The VITA 76.0, shell size 23 supports 145 total contacts with 44 shielded differential pairs equaling 22 EMI/RFI shielded bidirectional lanes for an aggregate bandwidth of 220Gb/s per connector. The VITA 76.0 connector was designed to address signal integrity and high-density interface issues while enabling the system integrator to continue to use the standard threaded-coupling 38999 circular shell. Given that VITA 76.0 connectors are optimized for use with 10GbE copper interfaces, for example, and that industrial-temperature rated 10GBASE-T Ethernet transceivers are now available, it is anticipated that 10GbE capable systems will begin to proliferate in deployed applications that have historically been dominated by optical architectures. What’s more, since VITA 76.0 also supports coaxial interconnect requirements, the new connectors will also be utilized in video and RF applications.

VITA 76.0 defines six shell size variants: 23, 17, 15, 13, 11, and 9, four of which Meritec chose to tool—23, 17, 13 and 9—because the 11 and 15 shell sizes did not offer significant advantages over the 9 and 13 sizes, respectively.

Connections per shell size

In comparison, the traditional 38999 connector in shell size 23 only supports 100 contacts and the slightly larger standard 38999 size 25 shell supports 128 contacts. With its 145 contacts, the size 23 VITA 76.0 can support 18x 10GbE lanes or an entire PCI Express x16 bus (82 contacts). The size 23 variant, with its smaller shell size, actually delivers 2.75x the differential pair density of Quadrax. Similarly, the shell size 17 VITA 76.0 connector provides 66 total contacts compared to the 55 supported by 38999 size 17. This enables the shell size 17 variant of VITA 76.0 to support eight 10G Ethernet ports or 18 differential pairs. The smallest variant of VITA 76.0, the shell size 9 connector, supports eight total contacts, compared to the six supported by standard 38999 shell size 9, and is well suited to handle one port of 10GBASE-T Ethernet.
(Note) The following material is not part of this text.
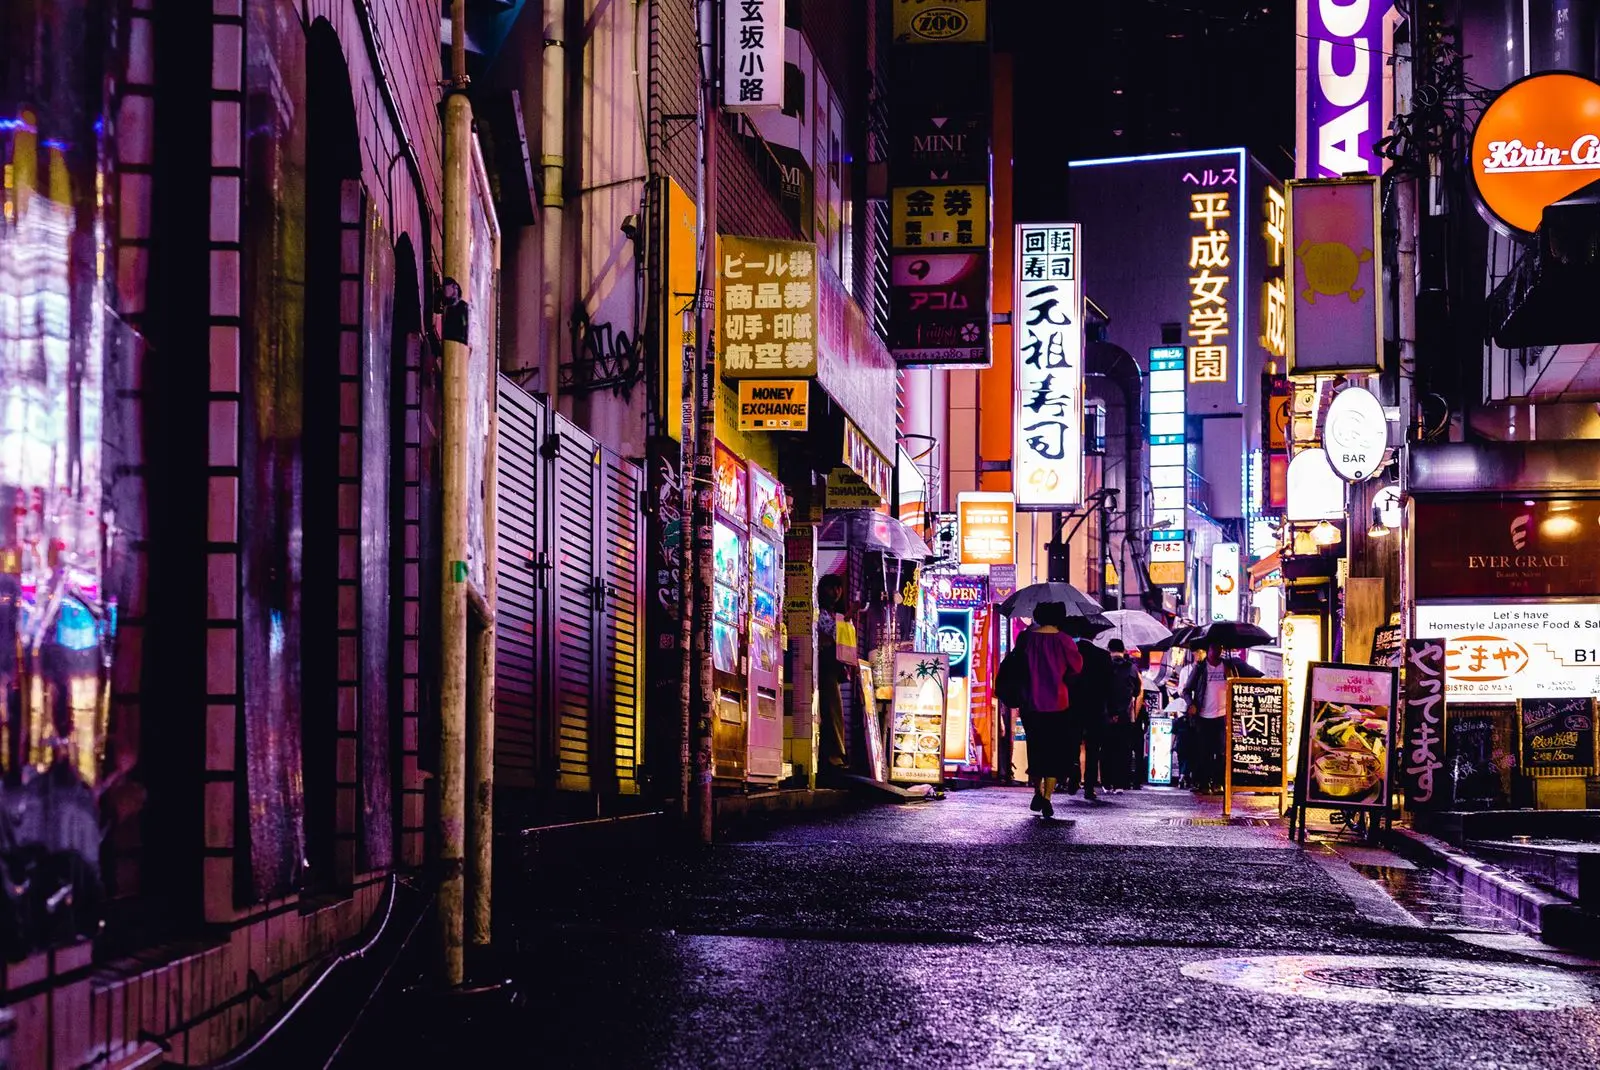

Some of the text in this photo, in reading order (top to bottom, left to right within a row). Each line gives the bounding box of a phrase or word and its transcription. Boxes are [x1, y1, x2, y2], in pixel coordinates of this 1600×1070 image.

Until the emergence of VITA 76.0, the options that were available to embedded system designers to meet the signal integrity challenge was limited to the traditional pin and socket 38999 series connectors that are not validated to support 10GbE in copper-based BASE-T copper configurations or the 38999 using the Quadrax contact scheme, which has several SI, SWaP, and density penalties. Instead, designers have had to turn to much costlier fiber optic interfaces in order to support 10Gb/s I/O from their chassis. Another area of frustration has come from system designers with requirements for video capture/encoders. The issue here is the recent growth in popularity of high-definition serial digital interface (HD-SDI) cameras, which were originally developed for the broadcast industry. Lately, they’ve been increasingly adopted for use in many deployed applications, such as onboard helicopters or ground vehicles. The problem is that while HD-SDI cameras are designed to transmit over a coax line, 38999 connectors don’t traditionally support coax. Instead, system integrators have had to use special inserts with their 38999 connector shells or use completely different non-military connectors in order to support such cameras.

Meanwhile, innovation in connector design continues apace: a field-terminated version of the VITA 76.0 connector is currently in design. Additionally, two proof-of-concept Active Optic versions have been presented before the VITA body thus allowing for either a copper cable or a fiber cable to be mated with the same panel mounted receptacle. System engineers looking for SWaP improvements within their 10G systems can now look to the VITA 76.0/ANSI Standard for the numerous options and advantages that this system offers.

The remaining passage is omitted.